Like any disease you have antibodies to, it might attempt to replicate but antibodies would try to fight it off.
Like any disease you have antibodies to, it might attempt to replicate but antibodies would try to fight it off.
My high school understanding focused on the outcome: the vaccinated immune system wins before the disease gets noticeable. I’m trying to go deeper: measles starts to grow, my body responds, and there’s a battle. And that may have happened a dozen times or more since I got my shots?
Measles isn’t very common in the US so it’s hard to say how much you may have been exposed, if at all. You might know if you have been. For more common diseases, yes.
This is the argument that the antivax community have used for years. It's an invalid argument because even in a region where there's been very few cases, that can literally all change overnight. All it takes is a couple infected passengers at an airport, low local vax rates and you have an outbreak.
I wasn’t making an argument, I was responding to the question of whether they might have been exposed a dozen or more times. It’s increasingly likely, but in past years much less so.

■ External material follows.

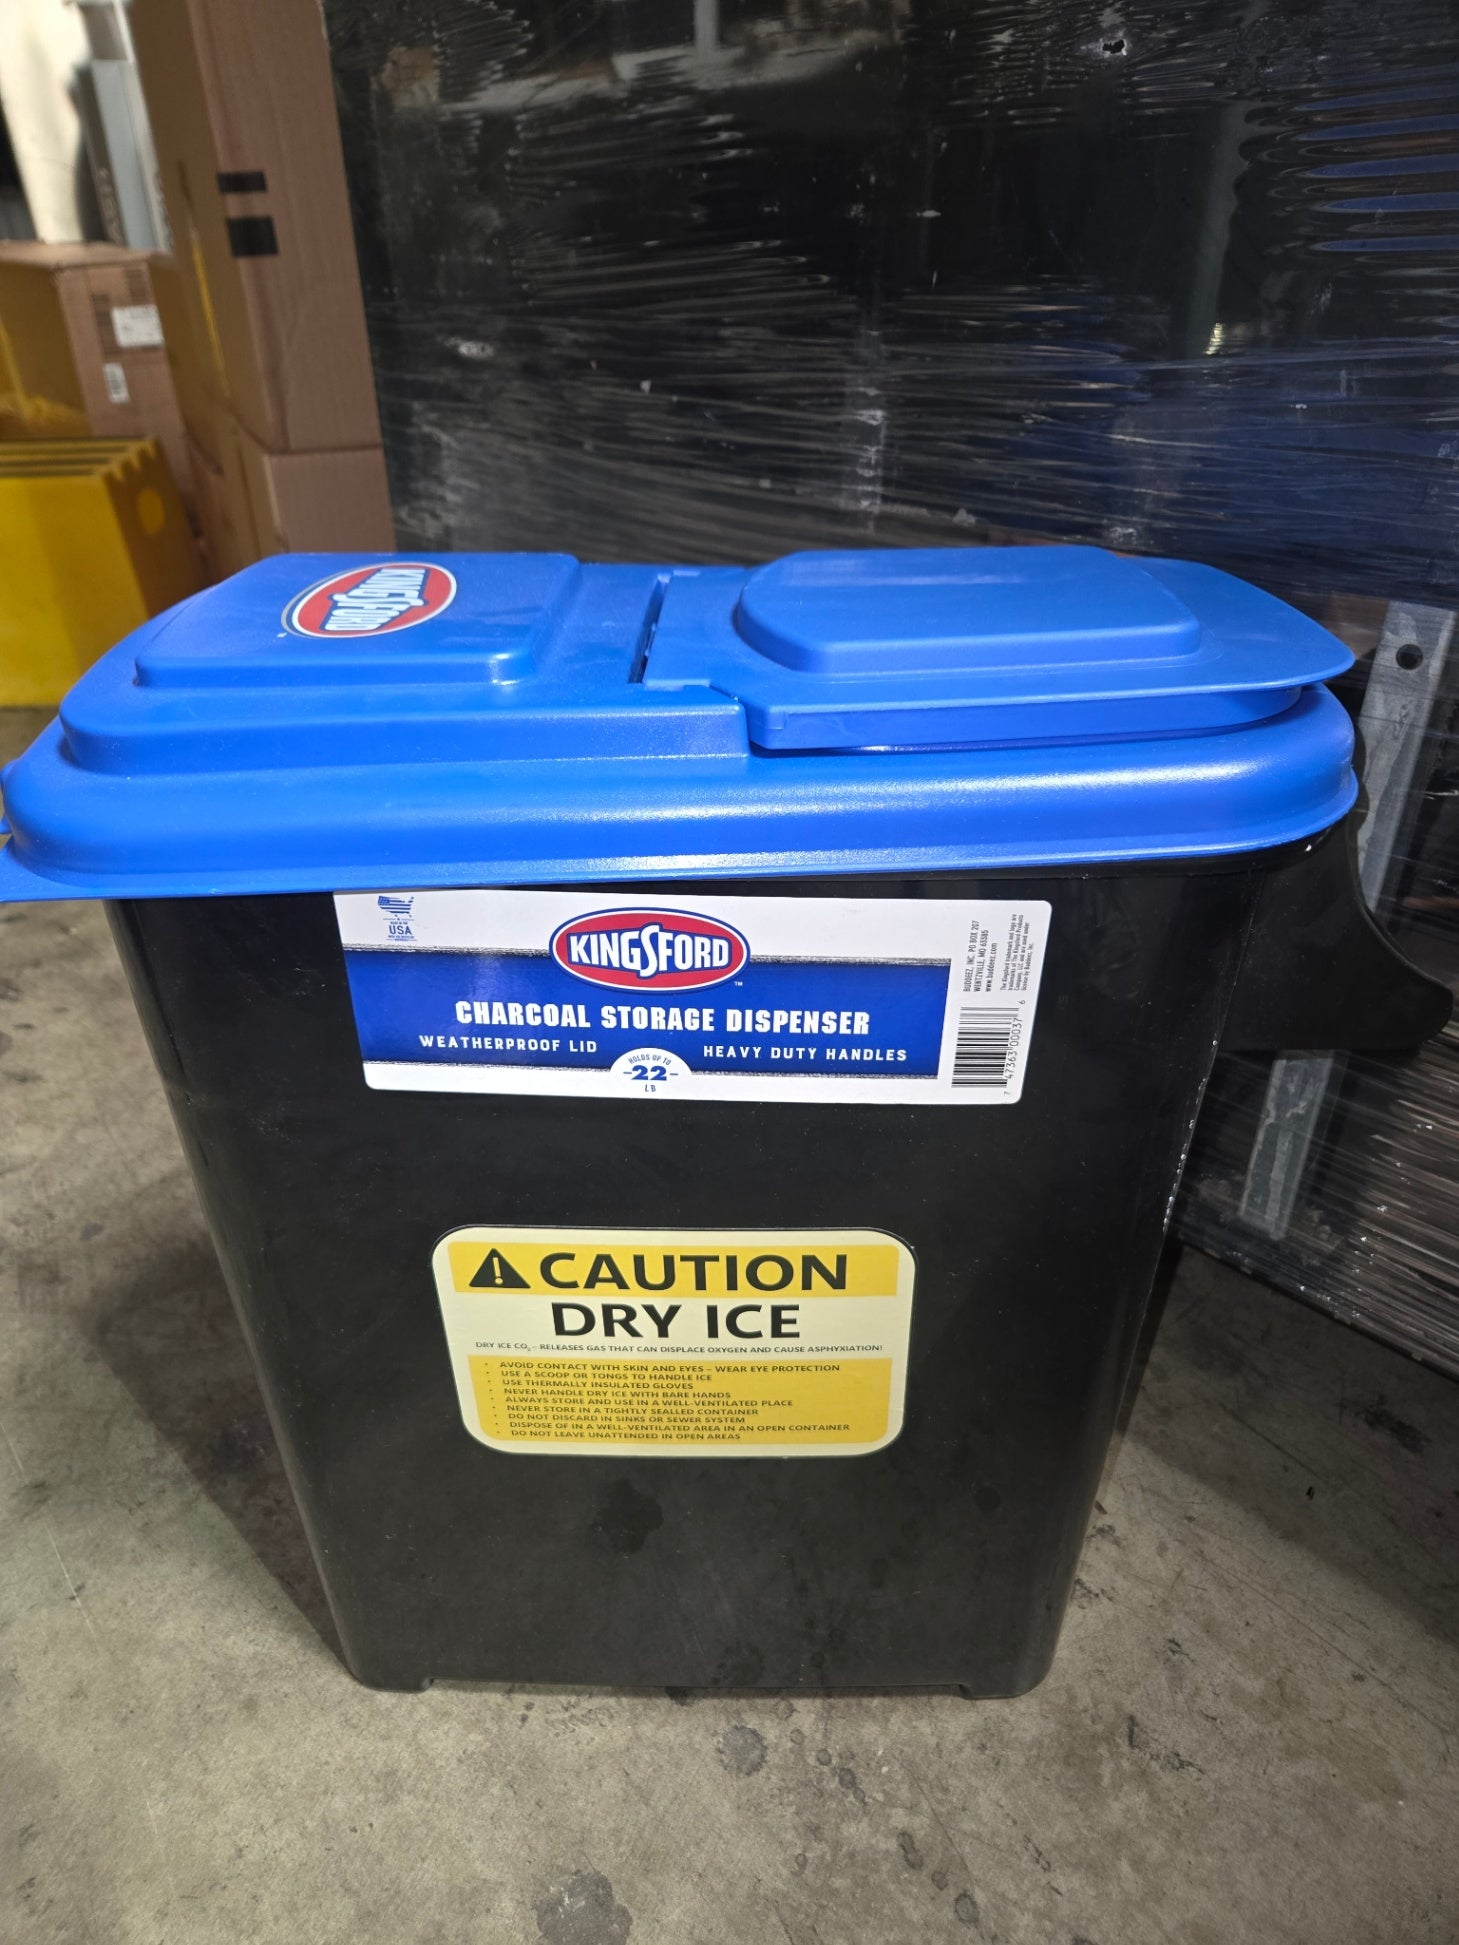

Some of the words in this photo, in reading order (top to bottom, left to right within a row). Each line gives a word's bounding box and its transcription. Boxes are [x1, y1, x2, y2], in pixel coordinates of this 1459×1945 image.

In other words, can’t necessarily be certain we’ve all got a lot of protection resulting from past exposure.
I shared my 1963 date mainly to add to the possibility of exposure in the years before measles nearly vanished. I agree “a dozen” was still probably excessive as a guess.

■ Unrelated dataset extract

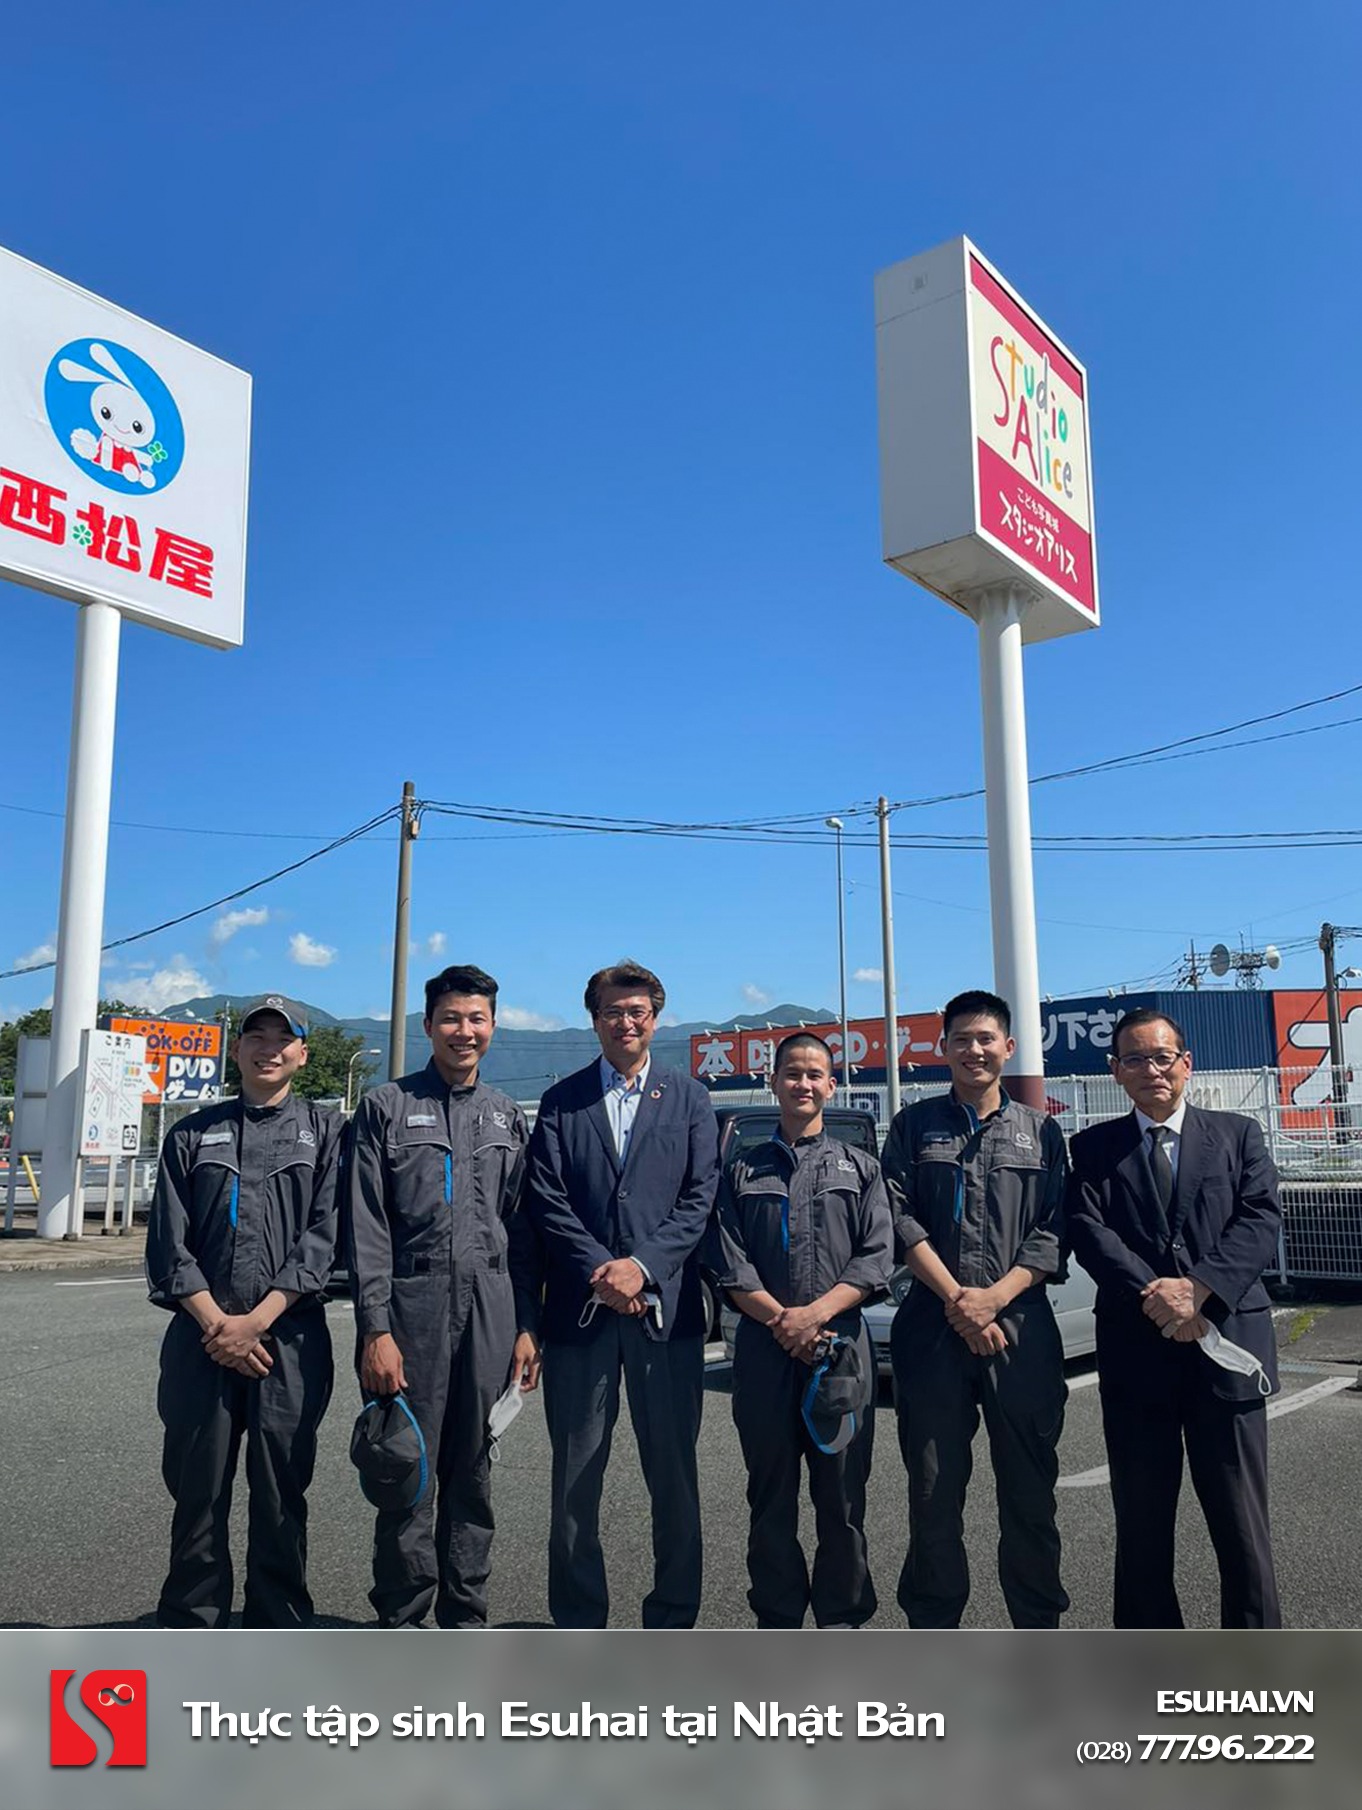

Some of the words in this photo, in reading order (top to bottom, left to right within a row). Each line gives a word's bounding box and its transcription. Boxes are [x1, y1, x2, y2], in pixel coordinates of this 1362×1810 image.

Honestly I don’t know, can’t hurt to get a booster for those of us born before it was a 2 shot series. The vast majority of people getting sick were unvaccinated.
Yes, most were unvaccinated, but there are some few who had 1 vaccine in the series and experienced a breakthrough infection. Measles can decimate immunity to other infections by way of immune amnesia and possibly cause fatal SSPE months-years later. www.uclahealth.org/news/article...

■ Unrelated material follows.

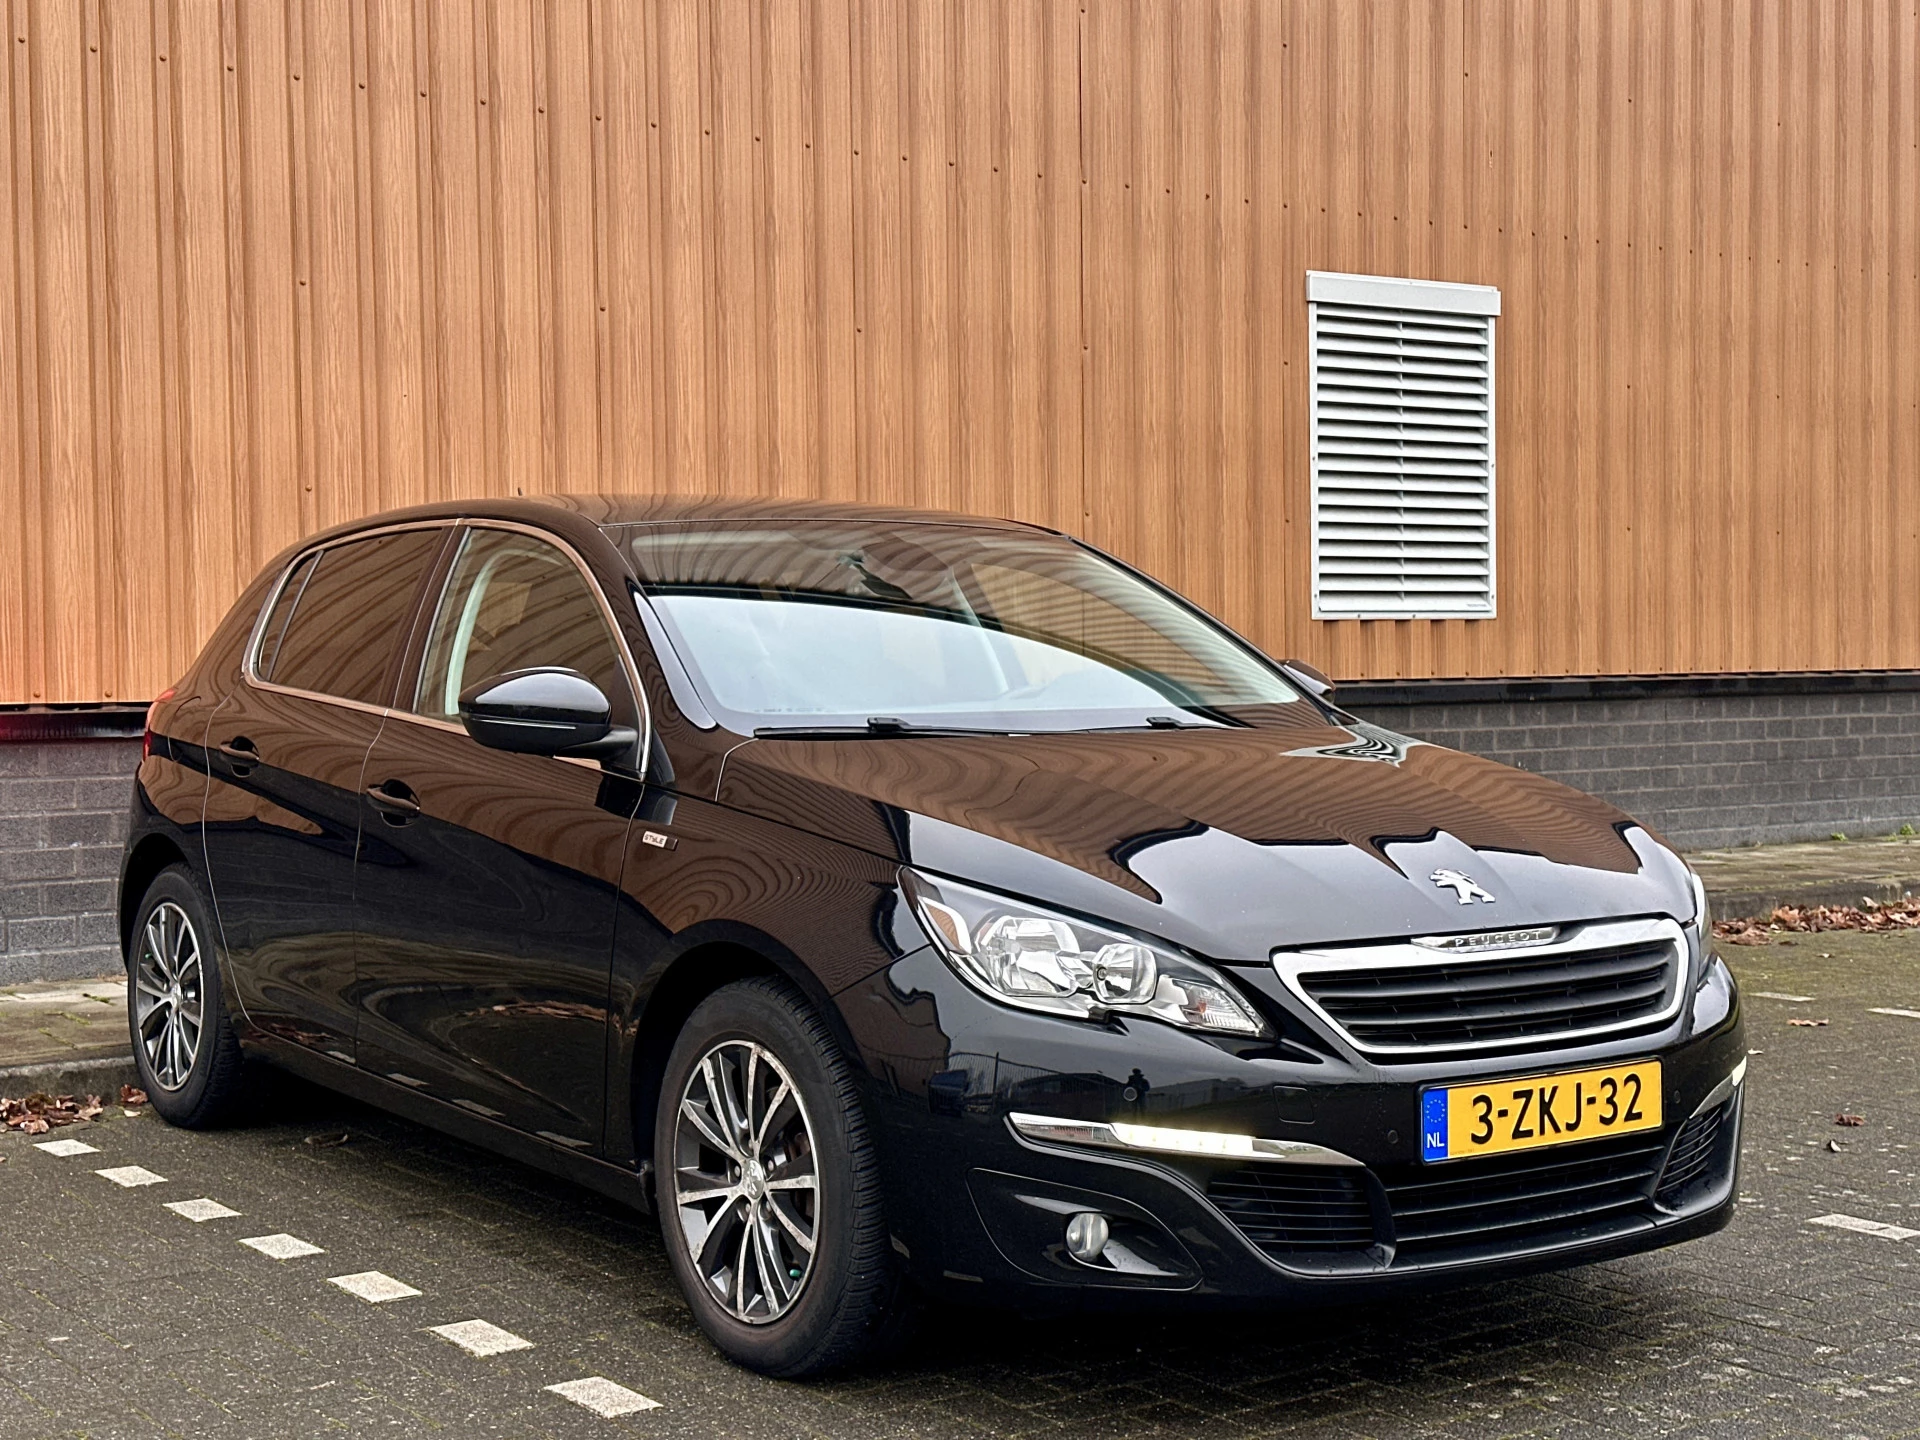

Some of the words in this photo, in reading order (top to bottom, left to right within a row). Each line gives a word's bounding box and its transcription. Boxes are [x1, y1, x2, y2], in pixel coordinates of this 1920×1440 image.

[644, 834, 665, 845] STYLE
[1455, 930, 1541, 948] PEUGEOT
[1470, 1073, 1643, 1145] 3-ZKJ-32
[1426, 1131, 1445, 1149] NL

To clarify, I got a full MMR course in 1985, based on assuming I hadn’t gotten any of them. Recently, I saw a signed statement from my preschool pediatrician, telling me I got the measles vaccine the first year it was available. So I’m sturdy unless 40 years since the last round is too long.
Measles can be transmitted for days before a person is aware they're sick. It can also hang in air indoors for up to 2hrs after an infected person has been there. With lower vaccination rates we're seeing more breakthrough infections. People need to be aware the possibility of exposure is anywhere.